About this task: All the lines below need to be output exactly, apart from any images.

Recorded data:
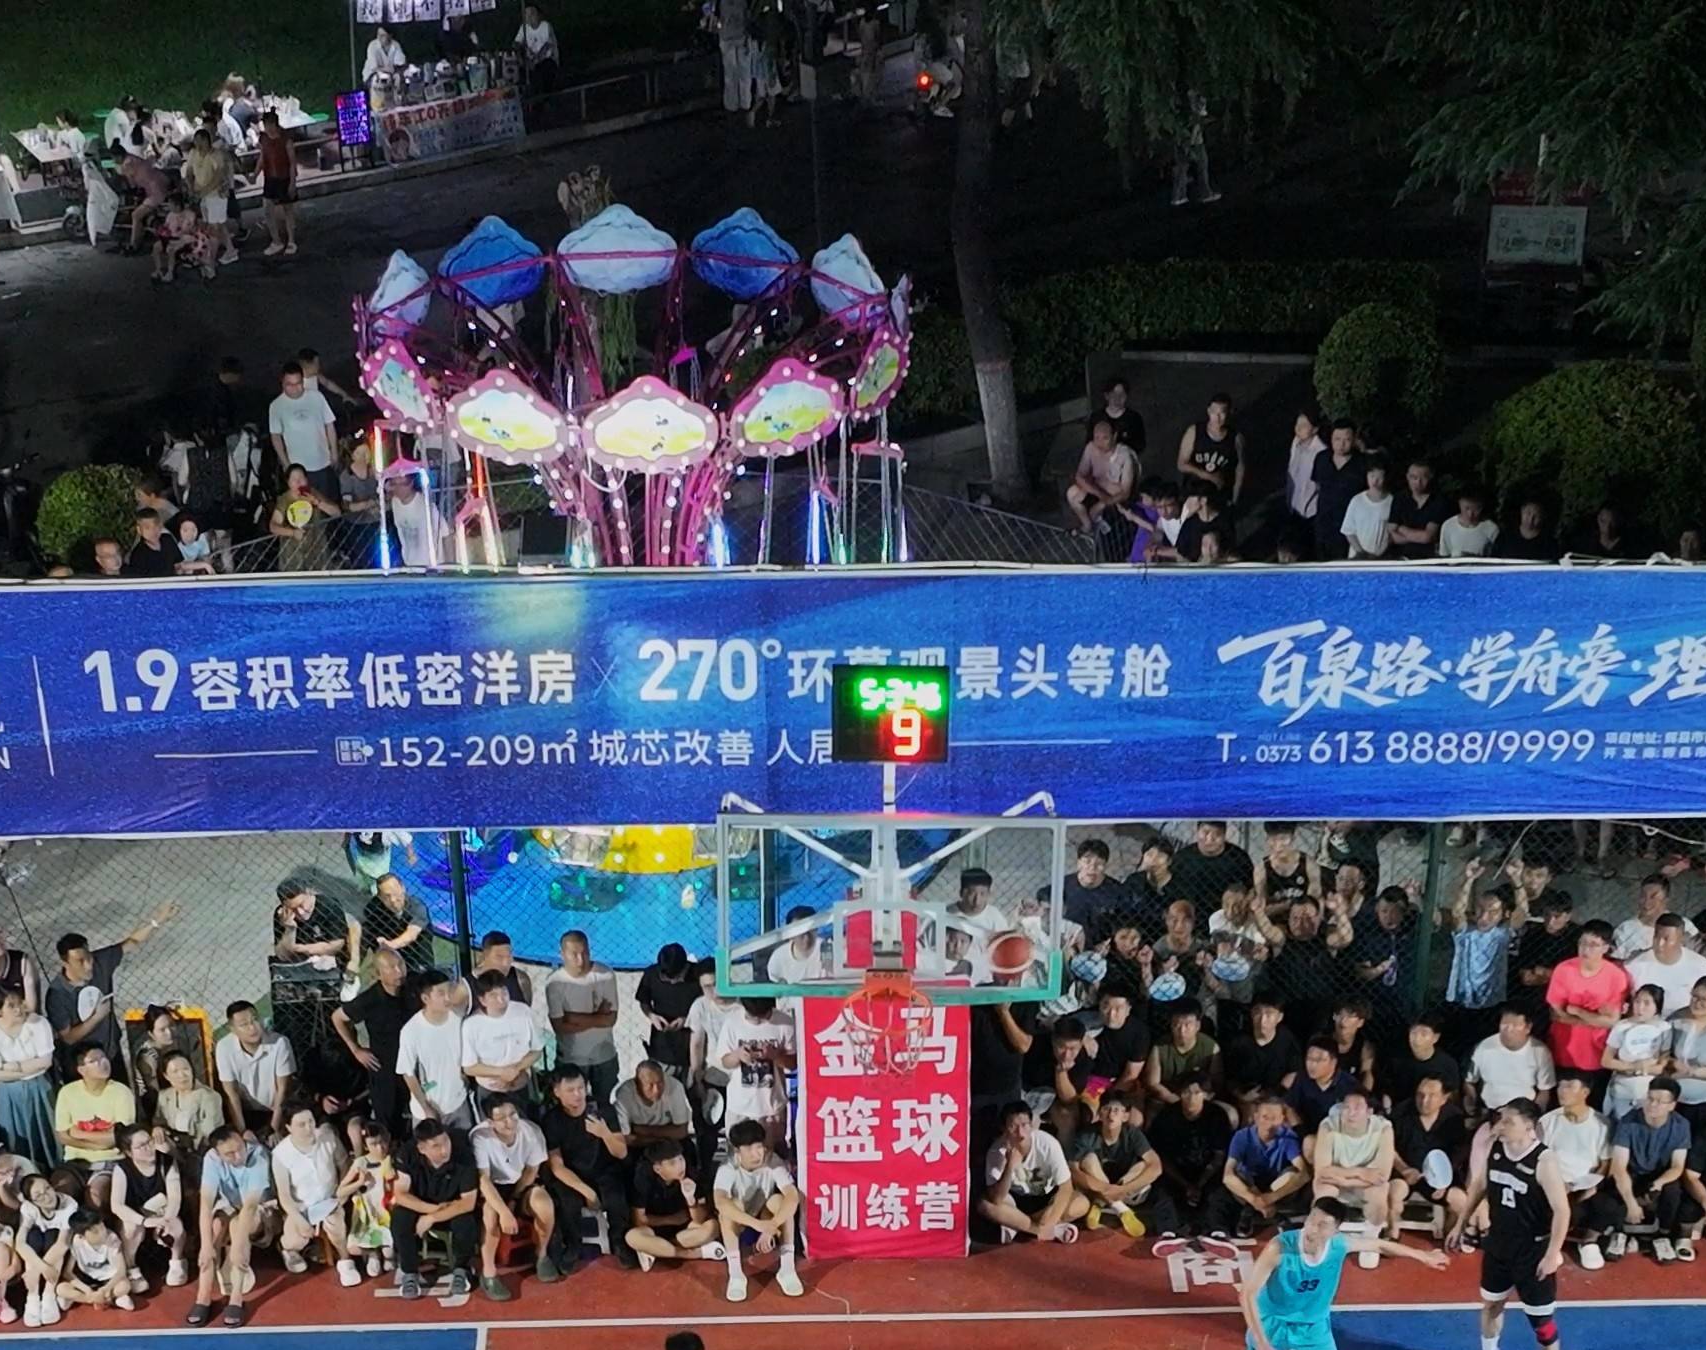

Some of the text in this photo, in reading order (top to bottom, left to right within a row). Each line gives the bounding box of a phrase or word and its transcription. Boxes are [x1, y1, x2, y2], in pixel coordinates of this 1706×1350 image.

[588, 729, 754, 768] 城芯改善
[892, 708, 922, 757] 9
[1255, 745, 1302, 764] 0373
[1308, 731, 1376, 764] 613
[1385, 729, 1595, 765] 8888/9999
[813, 1006, 959, 1077] 金马
[815, 1097, 960, 1163] 篮球
[814, 1182, 960, 1232] 训练营
[1296, 1278, 1320, 1293] 33
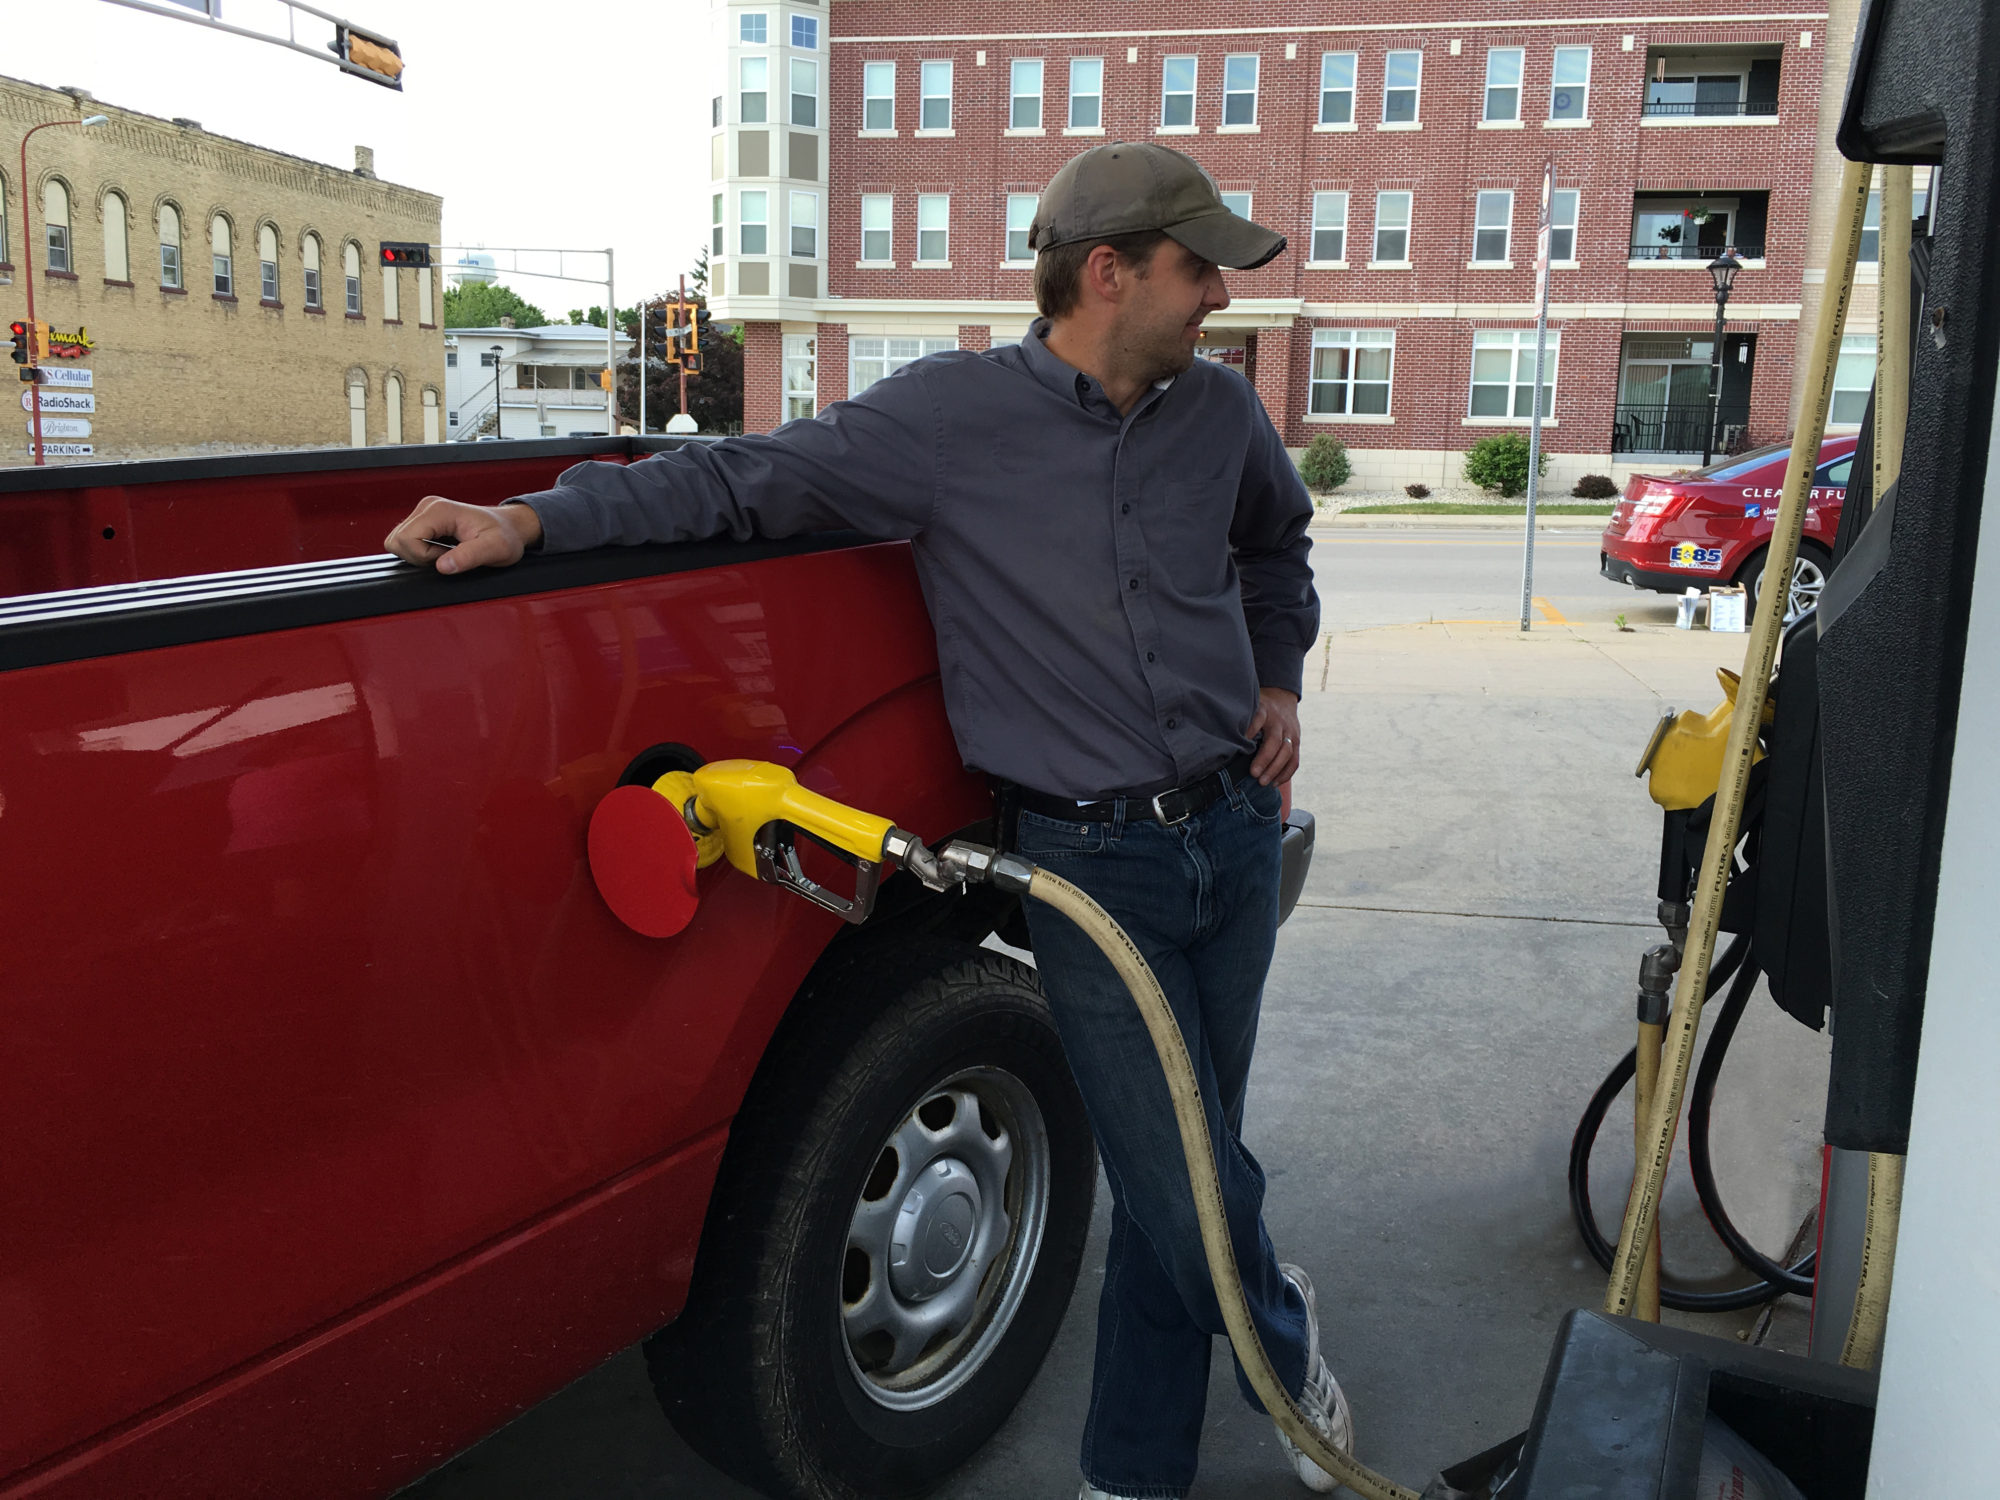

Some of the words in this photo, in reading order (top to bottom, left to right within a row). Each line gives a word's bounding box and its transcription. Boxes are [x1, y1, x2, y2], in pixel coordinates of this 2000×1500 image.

Solution below:
Some of the text in this photo, in reading order (top to bottom, left to right within a row). Each line gives the bounding box of a phrase or word and its transcription. Boxes are [x1, y1, x2, y2], in pixel coordinates of this 1706×1350 image.

[588, 729, 754, 768] 城芯改善
[892, 708, 922, 757] 9
[1255, 745, 1302, 764] 0373
[1308, 731, 1376, 764] 613
[1385, 729, 1595, 765] 8888/9999
[813, 1006, 959, 1077] 金马
[815, 1097, 960, 1163] 篮球
[814, 1182, 960, 1232] 训练营
[1296, 1278, 1320, 1293] 33

Some of the words in this photo, in reading order (top to bottom, left to right within a row). Each line gives a word's bounding box and its transcription. Boxes are [x1, y1, x2, y2], in pixel coordinates of this 2000×1500 image.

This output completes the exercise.